Driving into Adeje off the Armenime roundabout heads always turn to see the rainbow design on the large concrete building, the bust of Beethoven is a big clue to it’s use. The Escuela de Musica or Adeje School Of Music looks fantastic and must be a real inspiration to young musicians going in to study. It opened in September 2010 but I think the great composer’s statue used to be outside the old school over the other side of Adeje but this is probably Beethovens last movement.

Heading up the road into the heart of Adeje there is the stark minimalist block that is the Iglesia San Jose de Los Olivos, it seemed to take years to finish this church and it was fenced off for a long time. I’ve grown to like it in recent years, it makes a bold statement and a look around the sides reveals traditional if small stained glass windows. The crowning glory of Adeje town must be the wall murals, a wonderful tribute to the traditions and culture of the past, and painted on the side of living buildings where families are now living.

The biggest murals are in the Piedra Redonda childrens playground in the centre of Adeje, the main one of the crafts people were designed by Conrado Diaz Ruiz and completed over the first three months of 2011. The artwork looks very similar on the other unsigned works but whoever produced these artisitic wonders has my awe and admiration. Piedra Redonda (the round mill stone) has its own pride of place and for another mix of ancient and modern the revamped Plaza de España at the top end of town takes some beating. It all makes for an uplifting mix and keeps luring me back to one of my favourite towns in the south.

 

And This Afternoons Los Cristianos Weather Is…Biblical

Blimey where did that come from, the forecast was decent for today so after letting a small storm pass over I hit Las Vistas beach as the sun peaked from around an average sized black cloud. A few big plops of rain didn’t disturb me or several other swimmers enjoying the calm green flag sea at Los Cristianos. Suddenly a wall of water began to pelt down, no thunder, no lightning, just huge spots covering the sea surface with large crescent splashes dancing a frantic jig. This was like a rallying cry to a good sprinkling of youngsters who charged down the sand to wallow in the mix of sea and rain, although it was difficult to see where one ended and the other began.
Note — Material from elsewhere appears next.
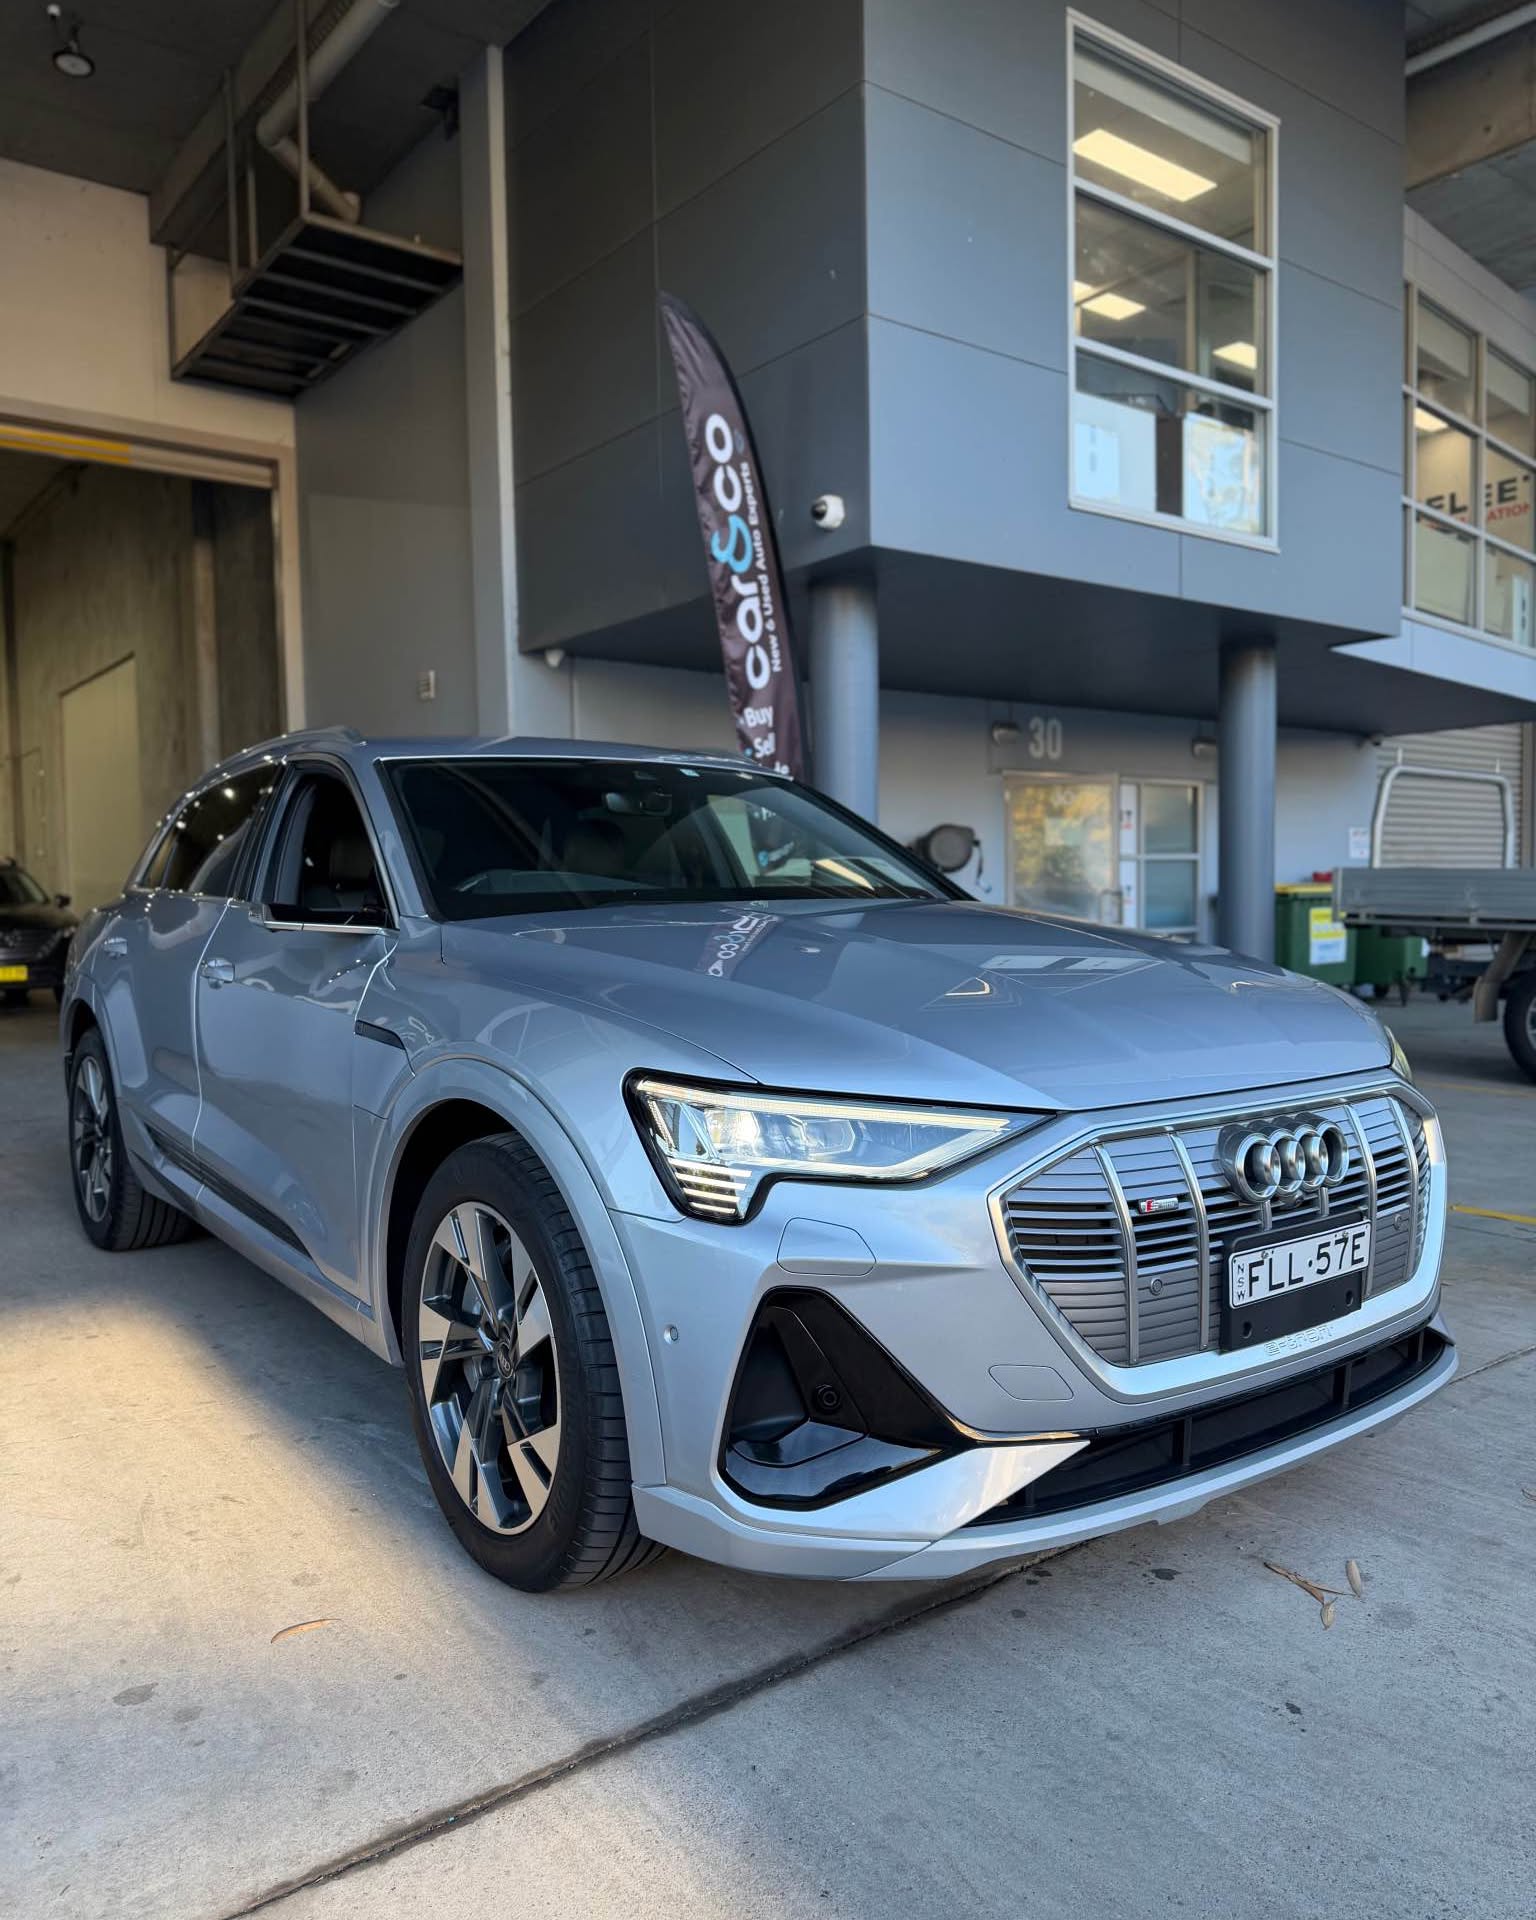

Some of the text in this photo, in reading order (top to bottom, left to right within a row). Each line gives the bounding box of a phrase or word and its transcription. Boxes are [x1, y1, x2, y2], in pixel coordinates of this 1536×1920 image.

The sea was still calm but my vision was suddenly reduced like someone had drawn a frosted shower curtain around me. It was quite exhilerating, to one side I could see people scampering for shelter at the back of the beach, towels and trainers left to sink or swim, and to the other I could just see a few murky shapes out to sea, was that a ship or Noahs Ark? Finishing my swim I pitched up on the beach and grabbed my plastic bag, which had protected most of my belongings, and sprinted with all the dignity I could muster to find cover at the rear of the sand. The disabled changing hut was open and crammed so I joined them as others sheltered below the overhanging lifeguard station watching a river pour down the steps from the promenade.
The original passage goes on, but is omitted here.